The family is sleeping on the floor until the problem is resolved.

Meanwhile, the woman is concerned that the bugs might spread through the complex’s schoolchildren.

“My grandson goes to school and other kids out here go to school,” she said. “They say (the bugs) can travel on people’s clothing or purses.”

She’s right. Bedbugs don’t stay put.

“They are the best hitchhikers there are,” said Tim Harvey, manager of Terminix’s South Bend branch.

“They ride from place to place on clothing, luggage. They can even get on your pants and travel from room to room or be transported anywhere.

“It has nothing to do with sanitation or cleanliness. They are just good hitchhikers,” he said.

They tend to infest places with a lot of traffic: college dorms, hotels and motels, nursing homes, office buildings, schools and day cares, hospitals, public transportation and movie theaters.

Last year, Hawthorne Elementary School in Elkhart dealt with an infestation. In August, the Niles Housing Commission’s Hi Rise apartments had to call in a company with a bedbug-sniffing dog to deal with an infestation. There have been several reports of bedbugs at hotels in Michiana. And, of course, there are homes.

“I’ve actually gotten double the calls this year than we did previous years,” said Harvey. “We probably do an average of two to three jobs per week.”

Science and health

Bedbugs are small, flat, oval insects that feed solely on blood, preferably that of humans. They are usually active at night and prefer to hide close to where people sleep – especially in the crevices of the mattress, box spring, bed frame and headboard. They cannot fly, but will crawl as far as 20 feet to obtain a blood meal, said Marc Lame, an entomologist at Indiana University Bloomington.

Bedbugs feed by piercing exposed skin like a mosquito. They are not able to burrow into skin or through material. It takes them about five to 10 minutes to feed, but people seldom know they are being bitten.

“Basically their whole survival depends on getting on, getting a blood meal and getting off without being squished,” Lame said. “They inject an anticoagulant to make the blood flow faster and an anesthetic so they can remain undetected.”

Some people develop an itchy red welt similar to a mosquito bite within a day to two weeks of being bitten, while others have little or no reaction.

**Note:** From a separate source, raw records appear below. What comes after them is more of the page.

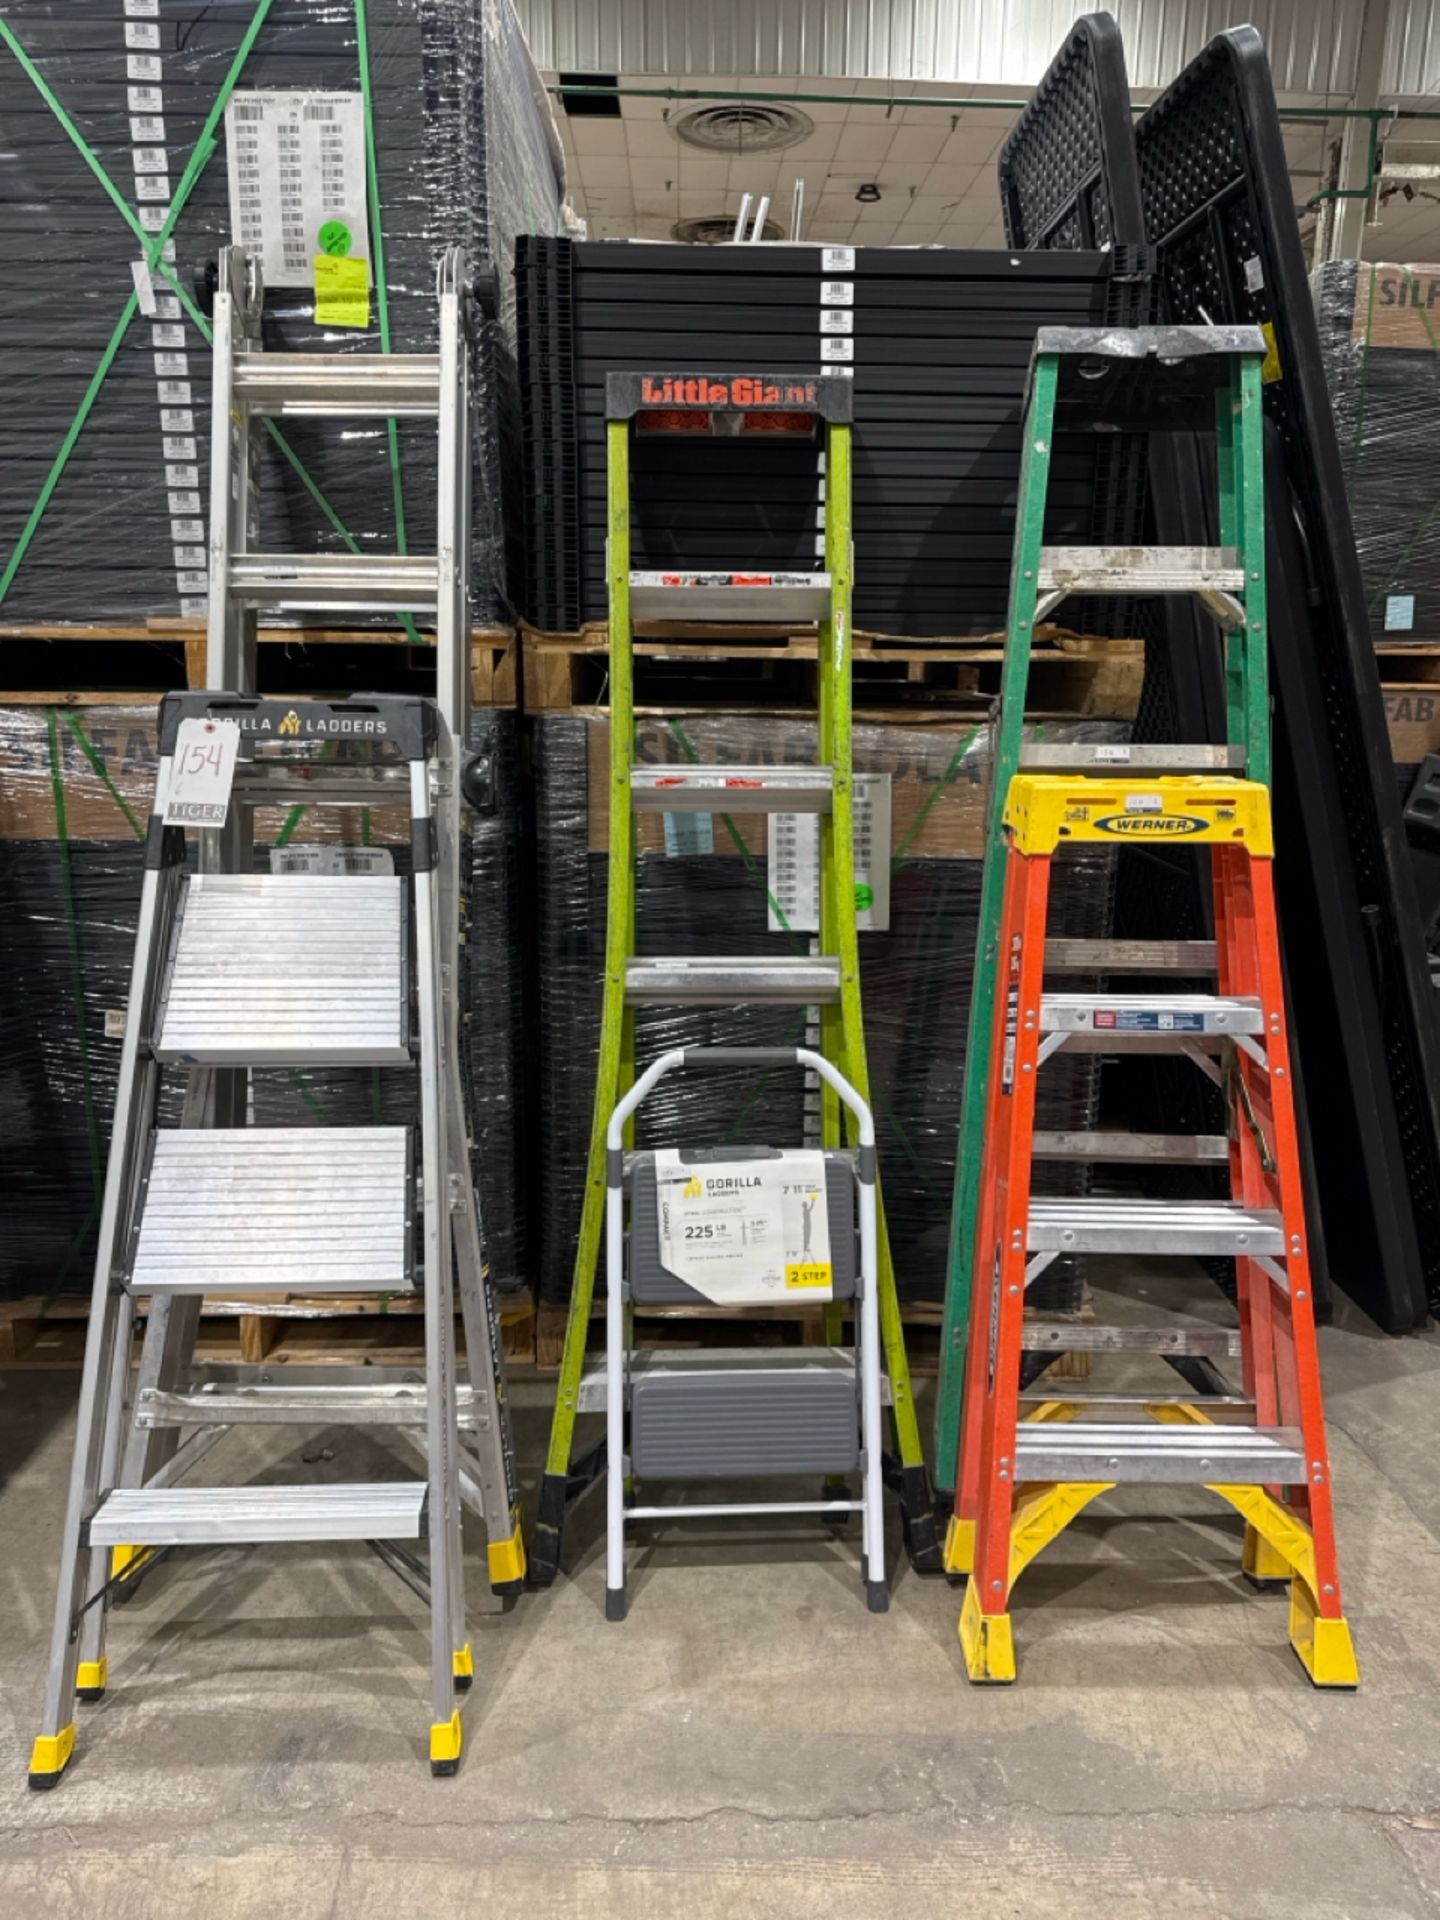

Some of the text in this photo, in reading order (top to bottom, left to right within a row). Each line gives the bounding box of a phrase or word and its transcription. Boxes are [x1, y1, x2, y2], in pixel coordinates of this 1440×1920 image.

[642, 376, 817, 405] Little Giant
[306, 719, 388, 734] LADDERS
[178, 743, 223, 776] 154
[170, 803, 223, 819] TIGER
[1116, 820, 1188, 830] WERNER
[706, 1177, 761, 1189] GORILLA
[684, 1224, 713, 1239] 225
[791, 1271, 799, 1283] 2
[802, 1271, 827, 1281] STEP

Female bedbugs might lay 200 to 500 eggs during their lifetime. When they first hatch, the bugs are about the size of a pinhead. As they grow, they molt or shed their skin five times. Before each stage of the life cycle, the bugs must have a blood meal. However, they can go for months, as many as 10 to 12, without eating, Lame said. If conditions are right, they can mature within a month – which means they can produce several generations in one year.

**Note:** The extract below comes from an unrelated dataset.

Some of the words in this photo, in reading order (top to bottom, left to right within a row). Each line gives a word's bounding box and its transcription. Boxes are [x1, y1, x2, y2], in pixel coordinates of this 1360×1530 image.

While a lot of research is still being done on the subject, studies so far have shown that bedbugs do not transmit disease.

However, the government is beginning to recognize the bugs as a serious health concern. Just last year, the Environmental Protection Agency and the Centers for Disease Control and Prevention issued a joint statement on the matter. This is because the bugs have a psychological effect on people, Lame said.

“If you think you’re sleeping with bedbugs, you are not going to sleep very well,” he said. “Which causes you to function very poorly – from crazy to just darn tired.”

That, in turn, can impair reflexes and contribute to other health problems.

“After they get rid of (the bugs), it can take three weeks or three months for (a person) to psychologically get over the infestation,” Lame said. “I’ve even had some sleepless nights after bedbug calls that were heavily infested – where they were really numerous and gross.”

Some people become obsessed and would do anything to rid their homes or themselves of the bugs, including “dousing themselves with pesticides or bedbug bombs,” Lame said, or scraping their skin with sharp objects.

A North Carolina woman died after she and her husband used several chemicals in their home in an attempt to rid it of bedbugs.

“We could all have bedbugs and survive,” Lame said, but when it reaches an epidemic and causes anxiety in people, public health officials play an important role.